## Work item
Only one stretch of the listing below is wanted: the line with "Some of the words" and all lines after it. Reproduce that stretch exactly.
--- Material supplied Enclosed Below ---
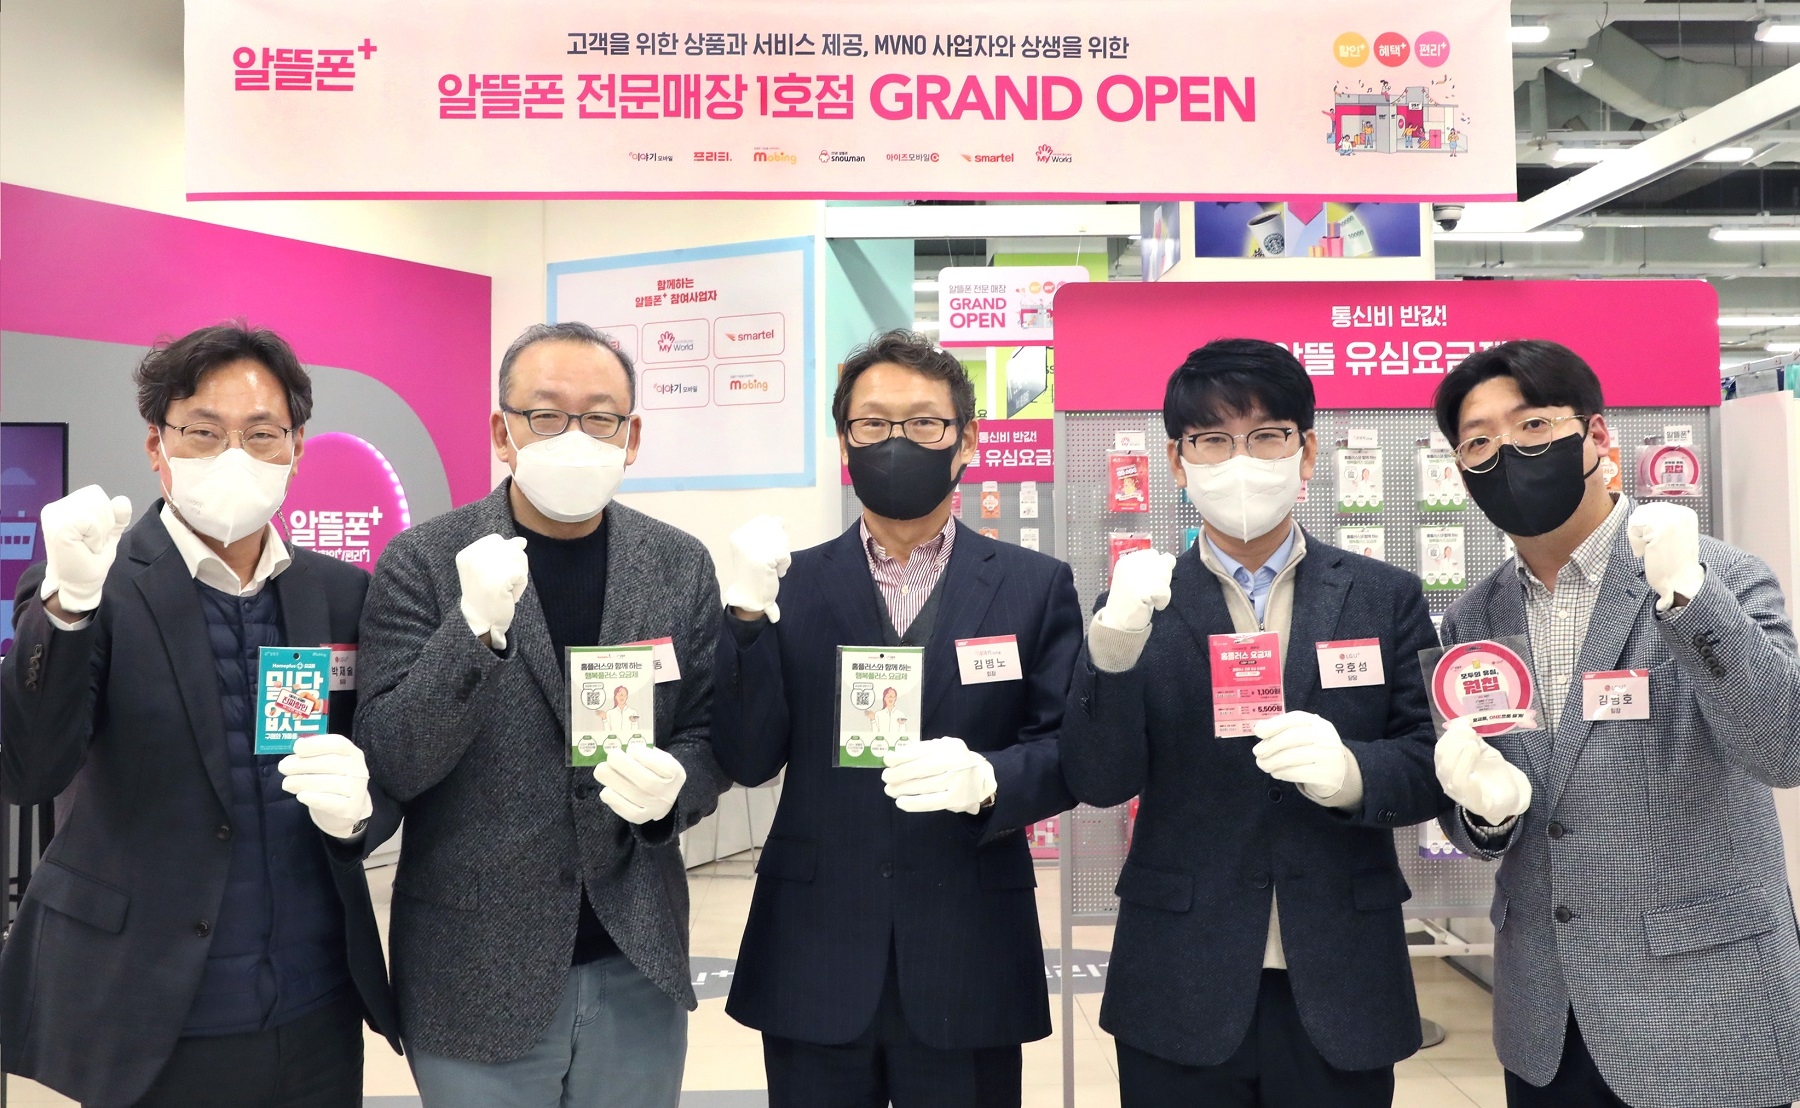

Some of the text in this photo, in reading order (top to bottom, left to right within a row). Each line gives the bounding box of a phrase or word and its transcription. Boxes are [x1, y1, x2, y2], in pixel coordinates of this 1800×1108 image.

[566, 32, 1130, 59] 고객을 위한 상품과 서비스 제공, MVNO 사업자와 상생을 위한
[437, 73, 1256, 123] 알뜰폰 전문매장 1호점 GRAND OPEN
[830, 154, 866, 163] snowman
[974, 153, 1014, 163] smartel
[1051, 155, 1072, 163] World
[657, 278, 694, 291] 함께하는
[973, 285, 989, 294] 전문
[990, 285, 1007, 294] 매장
[670, 290, 718, 305] 참여사업자
[949, 297, 1007, 311] GRAND
[949, 312, 1006, 329] OPEN
[1330, 303, 1448, 328] 통신비 반값!
[737, 329, 775, 342] smartel
[673, 342, 694, 352] World
[978, 430, 1038, 444] 통신비 반값!
[1335, 661, 1368, 674] 유호성
[1462, 676, 1500, 696] 원칩
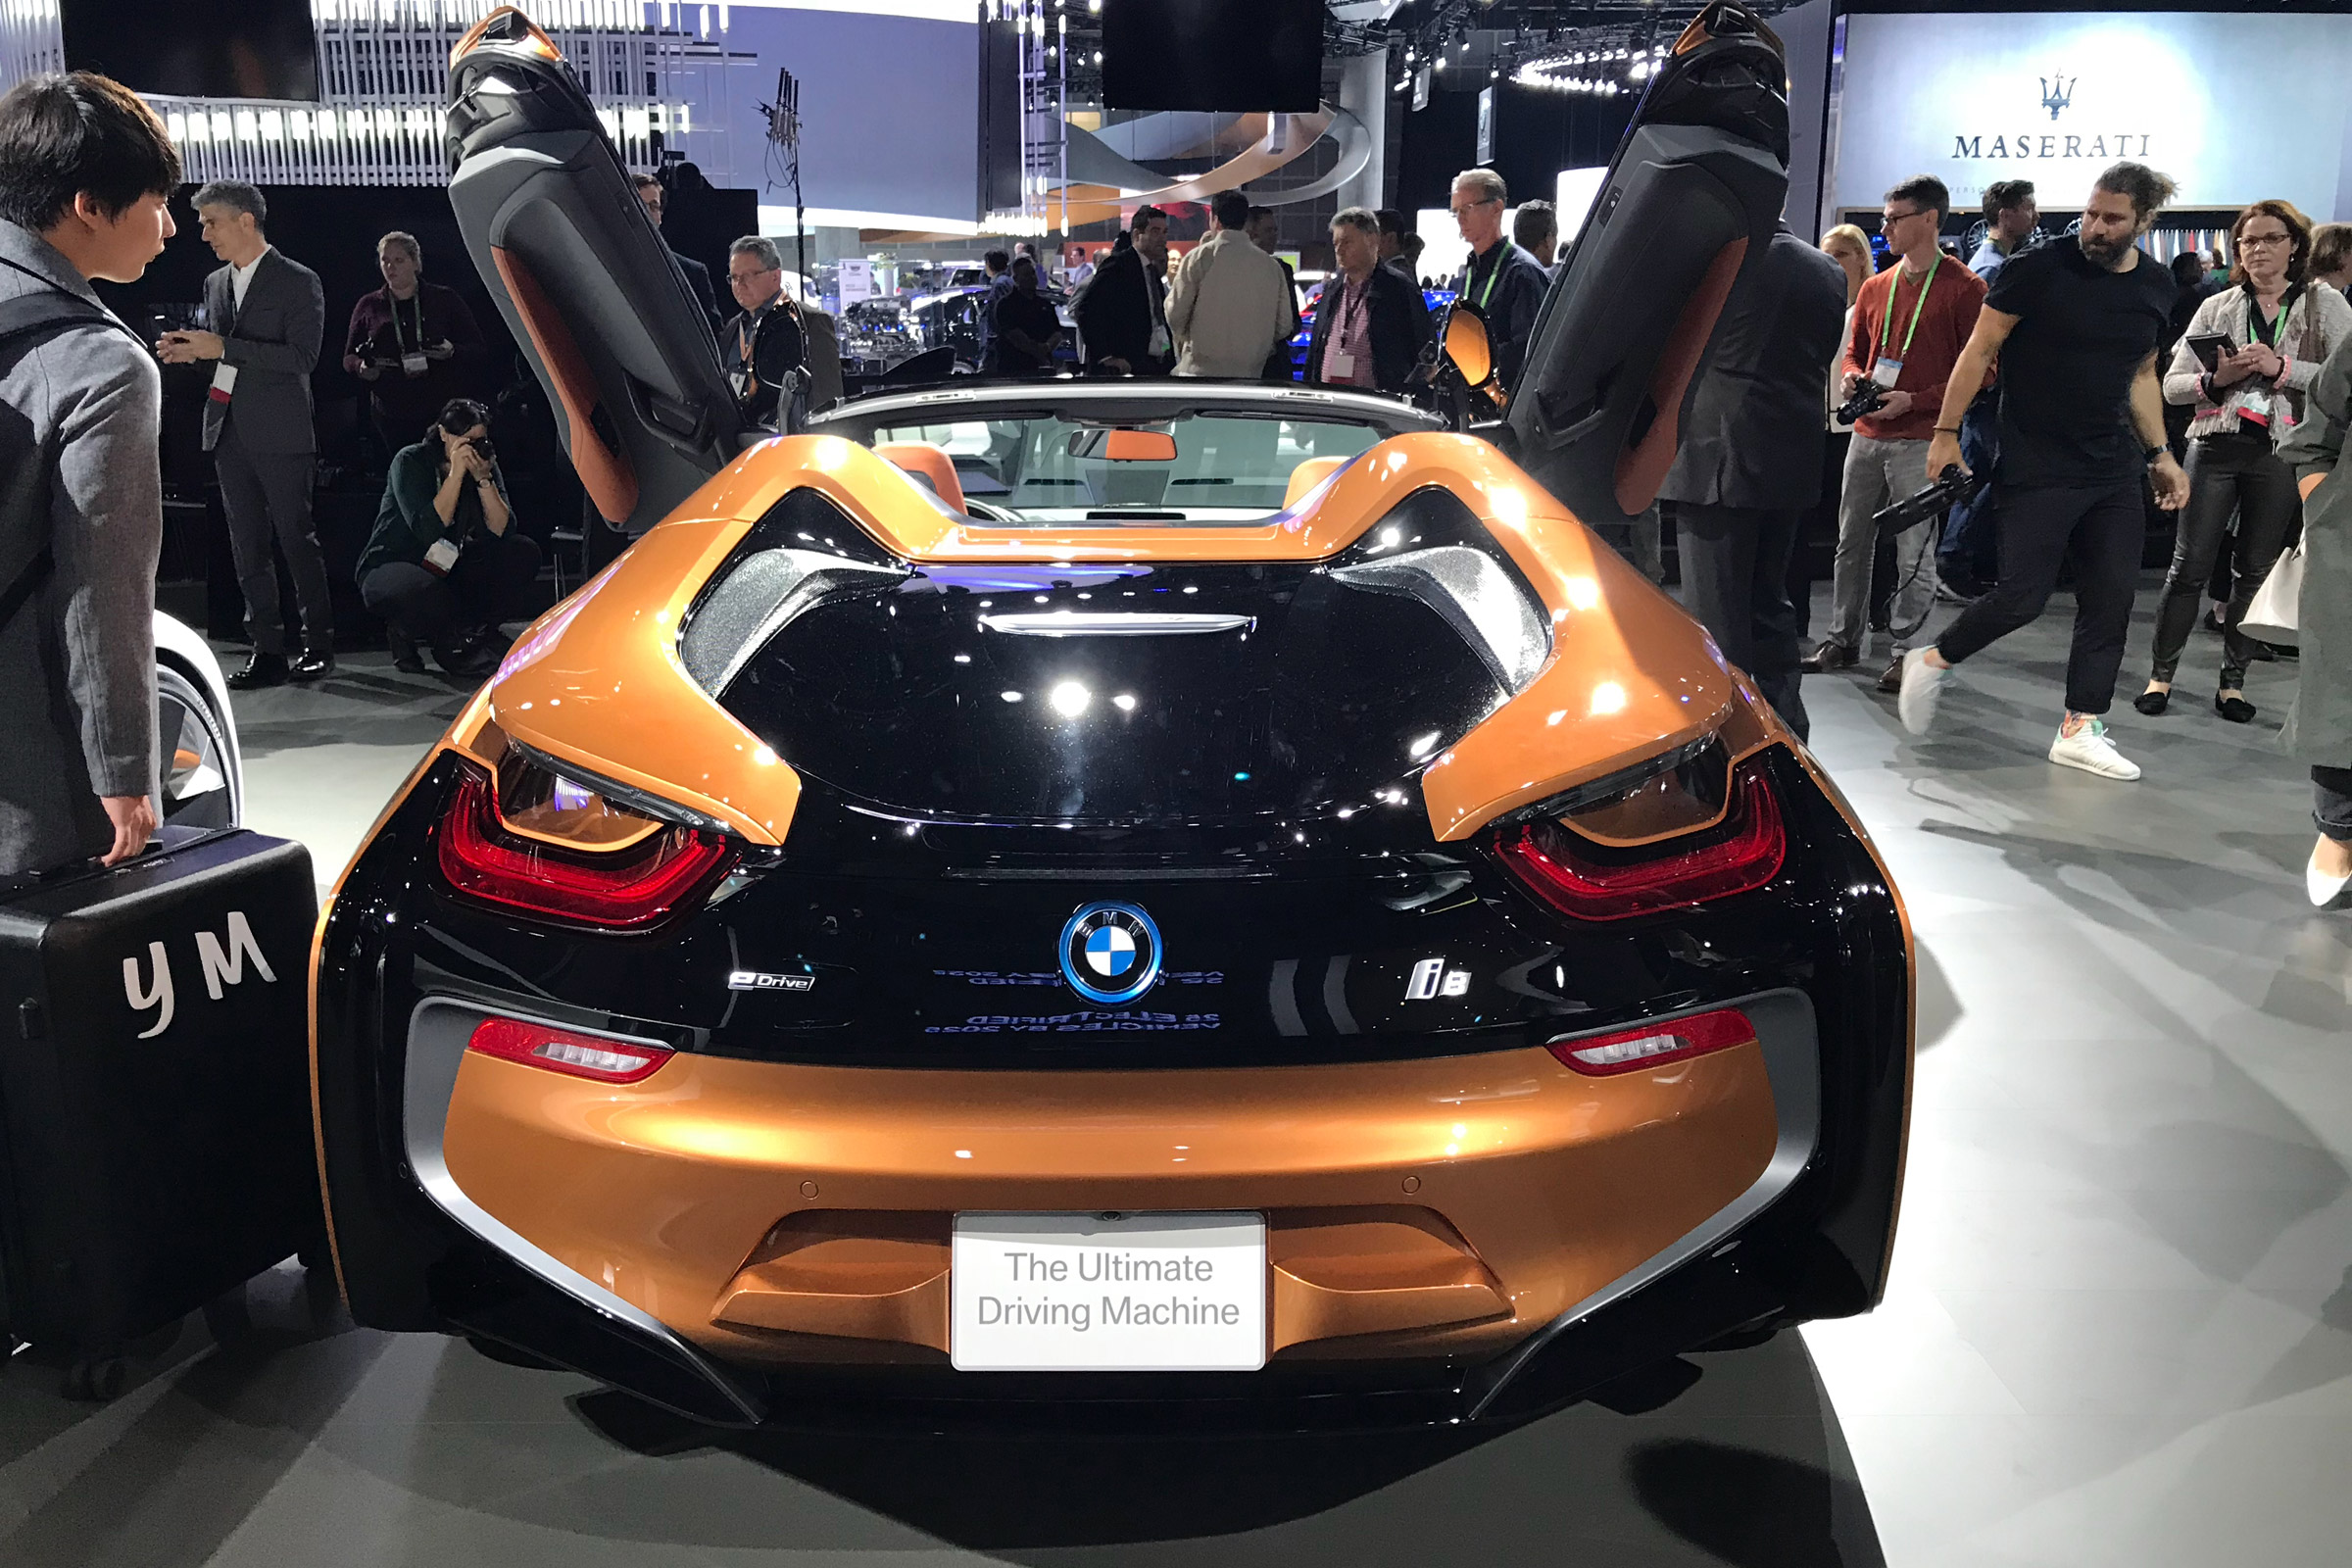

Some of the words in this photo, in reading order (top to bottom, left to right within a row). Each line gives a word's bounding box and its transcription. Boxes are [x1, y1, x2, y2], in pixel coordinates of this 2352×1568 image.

[1951, 134, 2150, 159] MASERATI
[1076, 911, 1145, 938] BMW
[1004, 1252, 1068, 1282] The
[1079, 1252, 1213, 1282] Ultimate
[978, 1296, 1091, 1333] Driving
[1102, 1296, 1240, 1326] Machine
--- End of Enclosed Material supplied ---
## Exercise answer
Some of the words in this photo, in reading order (top to bottom, left to right within a row). Each line gives a word's bounding box and its transcription. Boxes are [x1, y1, x2, y2], in pixel coordinates of this 2352×1568 image.

[1951, 134, 2150, 159] MASERATI
[1076, 911, 1145, 938] BMW
[1004, 1252, 1068, 1282] The
[1079, 1252, 1213, 1282] Ultimate
[978, 1296, 1091, 1333] Driving
[1102, 1296, 1240, 1326] Machine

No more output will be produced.